Publié le 26 décembre 2023 10h30. L’Islande connaît une vague de douceur exceptionnelle en cette fin de semaine, avec des températures dépassant les 15°C dans tout le pays et un possible record historique battu. Ce phénomène, lié à une configuration inhabituelle des pressions atmosphériques, s’observe également dans d’autres régions de l’Arctique.
- Des températures record ont été enregistrées en Islande, atteignant provisoirement 19,7°C à Bakkagerði.
- Cette hausse exceptionnelle est due à une zone de haute pression au-dessus de l’Atlantique Nord et à un effet de foehn localisé.
- Des températures anormalement douces sont également observées au-delà du cercle polaire arctique, en Scandinavie et au Groenland.
L’Islande est actuellement sous l’influence d’une vague de douceur inhabituelle. Mercredi après-midi et soir, toutes les stations météorologiques du pays ont enregistré des températures supérieures à 15°C. Des écarts importants par rapport aux moyennes saisonnières sont également constatés dans les régions arctiques, avec des relevés allant jusqu’à 13°C au-dessus des normes, notamment au nord de la Scandinavie et au Groenland.
Selon l’Institut hydrométéorologique tchèque, la température la plus élevée mesurée, à titre provisoire, est de 19,7°C, relevée à la station de Bakkagerði, sur la côte est de l’Islande.
« Si cette température est confirmée, elle égalera le record absolu de décembre 2019 de la station de Kvísker »

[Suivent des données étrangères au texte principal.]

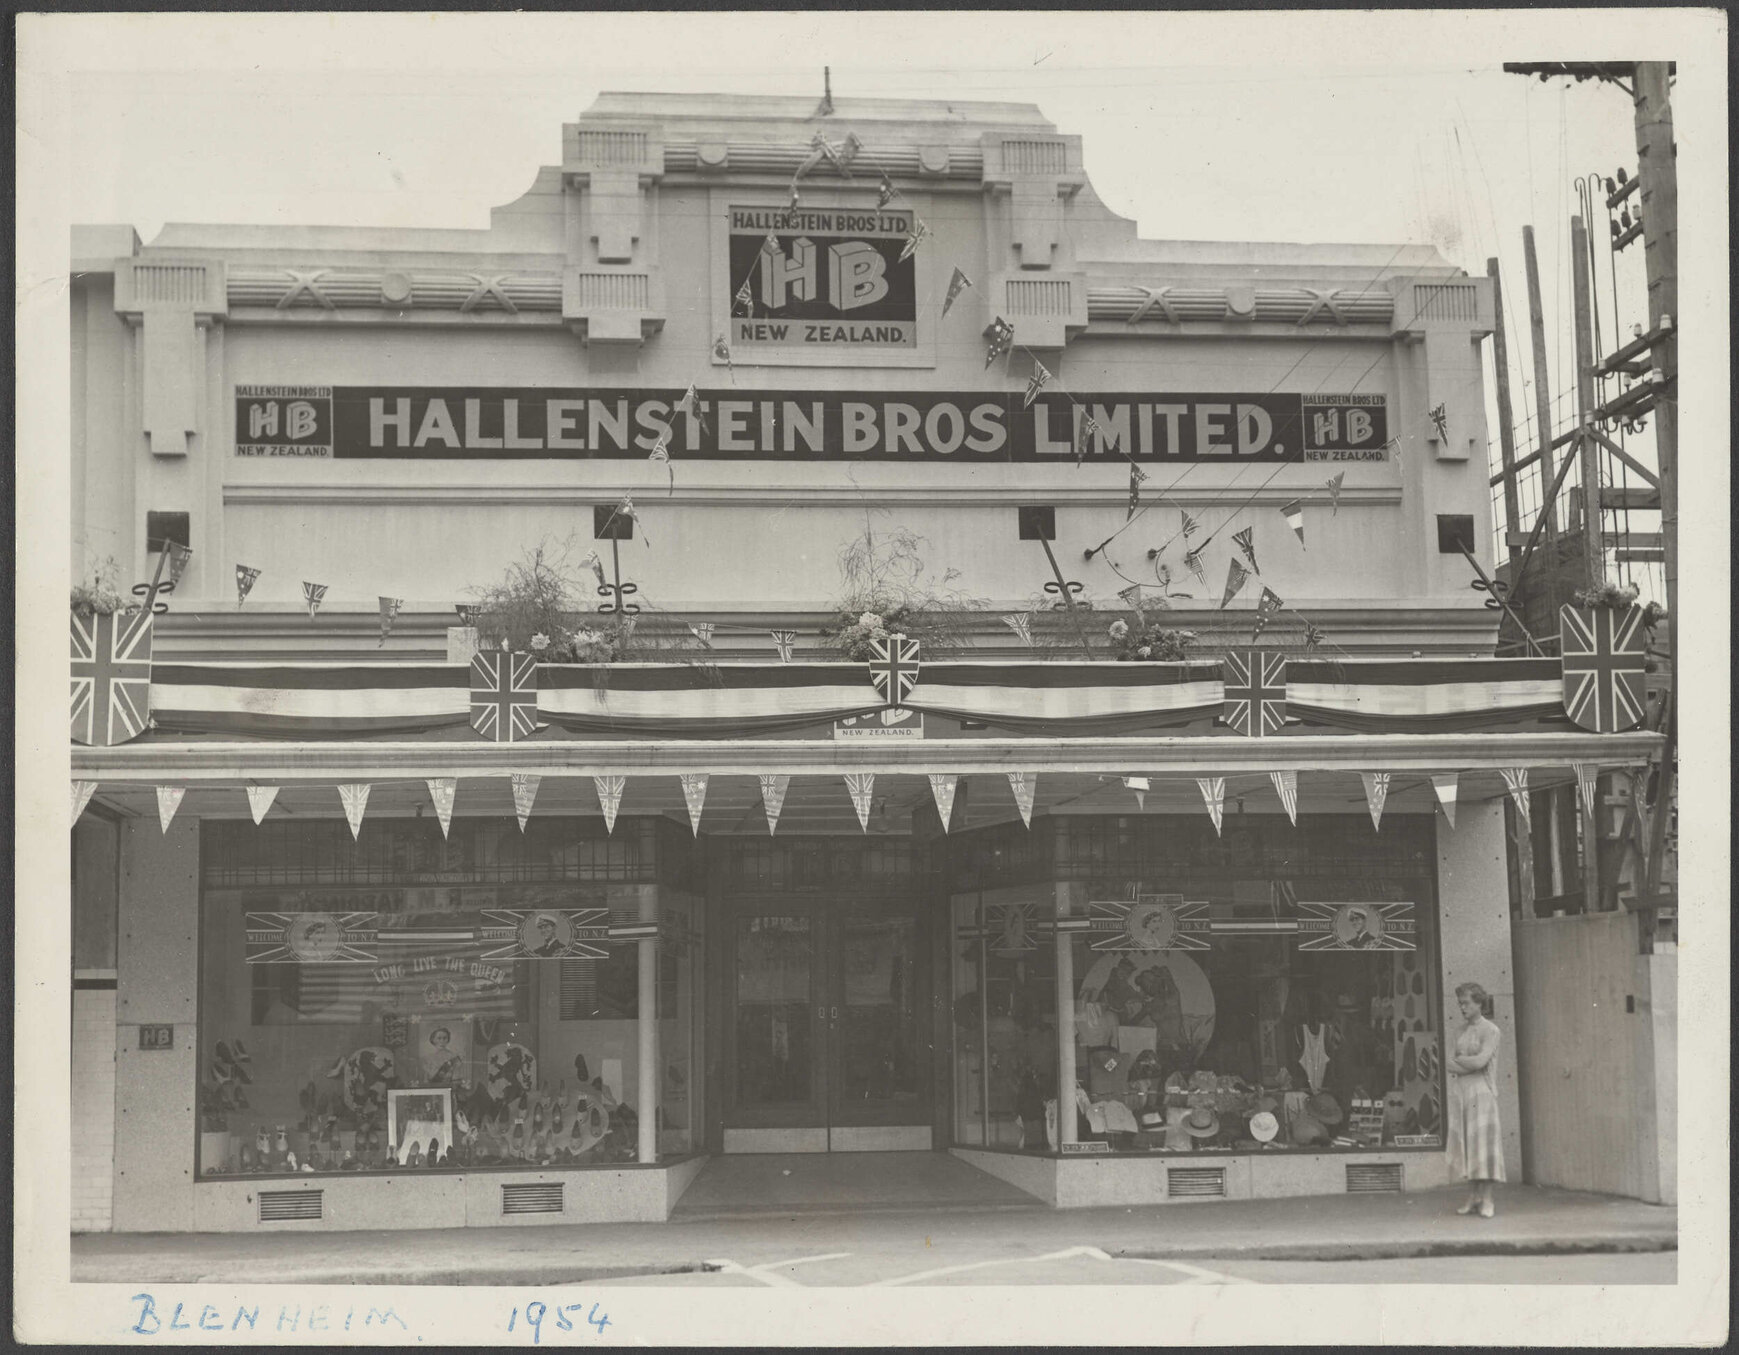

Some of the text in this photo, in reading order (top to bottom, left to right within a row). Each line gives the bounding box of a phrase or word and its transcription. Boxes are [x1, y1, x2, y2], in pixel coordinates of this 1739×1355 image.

[733, 211, 910, 234] HALLENSTEIN BROS LTD.
[741, 324, 907, 344] NEW ZEALAND.
[236, 386, 298, 397] HALLENSTEIN
[299, 386, 317, 397] BROS
[1303, 394, 1351, 405] HALLENSTEIN
[1352, 395, 1371, 405] BROS
[369, 397, 1285, 455] HALLENSTEIN BROS LIMITED.
[237, 446, 266, 456] NEW
[1306, 451, 1385, 461] NEW ZEALAND.
[1091, 921, 1125, 930] WELCOME
[1300, 921, 1331, 930] WELCOME
[248, 932, 284, 942] WELCOME
[482, 929, 517, 939] WELCOME
[372, 956, 506, 984] LONG LIVE THE QUEEN
[507, 1301, 613, 1344] 1954

Institut hydrométéorologique tchèque
Les causes de cette flambée thermique sont à rechercher dans une configuration atmosphérique particulière. Une vaste zone de haute pression s’est installée au-dessus de l’Atlantique Est et d’une partie du nord de l’Europe. À l’arrière de cette zone, un flux d’air chaud en provenance du sud s’étend loin vers le nord. En Islande, le réchauffement localisé amplifie également un phénomène connu sous le nom d’effet de foehn.
Le principe de l’effet de foehn
L’effet de foehn se produit lorsque l’air est forcé de franchir une chaîne de montagnes. En montant, l’air se refroidit d’environ 1°C tous les 100 mètres d’altitude, jusqu’à saturation. La formation de nuages libère de la chaleur, ce qui limite le refroidissement à 0,6°C par 100 mètres. Du côté au vent de la montagne, des précipitations abondantes peuvent se produire.
L’air, devenu sec, descend ensuite du côté sous le vent de la montagne, se réchauffant à nouveau d’environ 1°C tous les 100 mètres. Ce versant bénéficie alors d’un temps ensoleillé et venteux, avec des températures pouvant être jusqu’à 10°C plus élevées que sur le versant opposé. L’amplitude de cette différence de température dépend de l’humidité initiale de l’air.
Les scientifiques soulignent que la fréquence de ces écarts de température importants a augmenté ces dernières décennies, en lien avec le changement climatique global.